Wood sawdust (SD) was successfully used as a biotemplate to prepare precursors of Ce_0.8Zr_0.2O₂ (CZ) and CuO–Ce_0.8Zr_0.2O₂ (Cu–CZ, about 25% of CuO) catalysts, which were tested in total CO oxidation at 100–400 °C after calcination at 500 or 600 °C, and compared with analogous systems prepared using cetyltrimethylammonium bromide (CTAB). The improved specific surface area and oxygen mobility of the catalysts calcined at 500 °C resulted in an increased efficiency in CO oxidation. CZ (SD-500) demonstrated much higher catalytic efficiency than the CZ (CTAB-500) sample despite having a two times less S_BET due to the promoting action of Ca and K inherited from sawdust and improved concentration of superoxide surface centers. Both facilitation of CO adsorption on peroxide and superoxide centers and increased oxygen mobility provide improvement in the high-temperature efficiency of biomorphic CZ in CO oxidation. The XRD, XPS and TPR data testify that Cu in modified systems partially exists as a separate CuO phase, in small amounts as Cu⁺, and partially is incorporated in the surface Cu_yCe_xZr_1−x−yO_2−z and/or Cu_yCe_1−yO_2−x phases.

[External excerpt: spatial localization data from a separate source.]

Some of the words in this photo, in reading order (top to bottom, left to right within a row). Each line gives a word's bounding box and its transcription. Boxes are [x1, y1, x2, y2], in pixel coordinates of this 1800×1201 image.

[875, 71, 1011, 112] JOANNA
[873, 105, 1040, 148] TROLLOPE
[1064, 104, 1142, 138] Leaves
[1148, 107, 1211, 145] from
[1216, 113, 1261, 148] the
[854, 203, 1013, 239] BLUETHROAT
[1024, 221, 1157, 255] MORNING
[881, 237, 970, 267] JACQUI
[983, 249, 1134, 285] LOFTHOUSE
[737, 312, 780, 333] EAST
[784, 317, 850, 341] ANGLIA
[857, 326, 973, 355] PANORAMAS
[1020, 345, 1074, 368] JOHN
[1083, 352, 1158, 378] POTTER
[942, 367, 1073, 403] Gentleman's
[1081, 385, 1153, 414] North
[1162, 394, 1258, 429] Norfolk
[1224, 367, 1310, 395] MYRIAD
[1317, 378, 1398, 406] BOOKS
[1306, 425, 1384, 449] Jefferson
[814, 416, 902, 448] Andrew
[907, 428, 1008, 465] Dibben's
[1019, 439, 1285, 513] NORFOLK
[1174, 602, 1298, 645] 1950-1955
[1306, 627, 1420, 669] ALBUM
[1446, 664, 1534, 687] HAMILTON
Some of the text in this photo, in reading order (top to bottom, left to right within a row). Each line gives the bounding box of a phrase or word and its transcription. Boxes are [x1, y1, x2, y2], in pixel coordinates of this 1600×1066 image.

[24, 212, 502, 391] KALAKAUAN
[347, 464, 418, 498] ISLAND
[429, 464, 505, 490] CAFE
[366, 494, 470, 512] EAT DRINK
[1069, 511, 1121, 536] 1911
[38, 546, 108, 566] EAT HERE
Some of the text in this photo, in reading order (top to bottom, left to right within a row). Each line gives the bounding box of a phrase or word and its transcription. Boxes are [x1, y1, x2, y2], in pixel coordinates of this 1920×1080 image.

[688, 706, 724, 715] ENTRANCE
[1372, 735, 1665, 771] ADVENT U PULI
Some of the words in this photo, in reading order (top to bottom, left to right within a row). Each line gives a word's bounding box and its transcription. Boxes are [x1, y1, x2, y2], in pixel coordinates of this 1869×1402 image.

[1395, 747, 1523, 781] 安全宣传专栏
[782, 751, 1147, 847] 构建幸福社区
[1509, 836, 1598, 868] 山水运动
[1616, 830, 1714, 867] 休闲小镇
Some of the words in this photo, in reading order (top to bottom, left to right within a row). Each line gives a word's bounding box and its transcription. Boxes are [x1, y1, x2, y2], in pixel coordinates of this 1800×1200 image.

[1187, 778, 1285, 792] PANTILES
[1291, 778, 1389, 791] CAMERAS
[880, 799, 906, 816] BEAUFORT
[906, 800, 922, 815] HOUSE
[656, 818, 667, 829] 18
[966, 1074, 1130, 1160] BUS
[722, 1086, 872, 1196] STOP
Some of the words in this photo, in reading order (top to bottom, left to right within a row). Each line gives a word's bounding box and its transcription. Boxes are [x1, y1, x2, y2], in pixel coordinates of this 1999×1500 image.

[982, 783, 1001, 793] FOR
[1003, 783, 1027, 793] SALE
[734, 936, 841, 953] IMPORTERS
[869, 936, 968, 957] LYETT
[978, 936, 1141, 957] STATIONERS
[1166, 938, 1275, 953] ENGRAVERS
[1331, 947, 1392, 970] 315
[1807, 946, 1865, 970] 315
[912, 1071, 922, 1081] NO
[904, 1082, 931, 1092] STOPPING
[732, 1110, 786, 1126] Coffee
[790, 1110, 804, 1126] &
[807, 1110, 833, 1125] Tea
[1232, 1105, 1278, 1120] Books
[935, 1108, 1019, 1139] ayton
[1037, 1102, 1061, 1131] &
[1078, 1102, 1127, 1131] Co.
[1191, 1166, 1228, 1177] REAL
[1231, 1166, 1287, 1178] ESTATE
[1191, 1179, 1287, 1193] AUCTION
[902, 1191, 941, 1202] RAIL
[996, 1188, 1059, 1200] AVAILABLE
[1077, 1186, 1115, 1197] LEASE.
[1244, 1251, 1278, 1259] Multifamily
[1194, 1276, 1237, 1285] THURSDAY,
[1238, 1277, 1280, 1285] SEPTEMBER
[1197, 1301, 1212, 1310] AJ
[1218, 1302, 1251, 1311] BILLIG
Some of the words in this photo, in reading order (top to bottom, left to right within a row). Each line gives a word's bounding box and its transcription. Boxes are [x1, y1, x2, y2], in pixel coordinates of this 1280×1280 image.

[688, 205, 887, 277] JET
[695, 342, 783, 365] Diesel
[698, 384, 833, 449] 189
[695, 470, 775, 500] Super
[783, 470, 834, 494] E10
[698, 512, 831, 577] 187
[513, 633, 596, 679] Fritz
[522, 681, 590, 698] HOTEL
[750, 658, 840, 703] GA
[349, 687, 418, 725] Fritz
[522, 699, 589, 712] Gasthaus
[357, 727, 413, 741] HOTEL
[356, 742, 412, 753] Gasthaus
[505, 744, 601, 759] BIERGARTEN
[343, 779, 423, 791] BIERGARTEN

Modification with Cu enhances the low-temperature efficiency of CZ systems, prepared using both templates and calcined at 500 °C. Cu–CZ (SD-500) was a bit less active than Cu–CZ (CTAB-500) only at 100–150 °C, primarily due to the decreased CuO content, and the difference in CuO interaction with CZ support, found by TPR. Presumably CuO provides low-temperature CO oxidation through the Langmuir–Hinshelwood mechanism; the Cu⁺/Cu²⁺ pair can also participate as an additional redox pair in high-temperature CO oxidation by the Mars–van-Krevelen mechanism.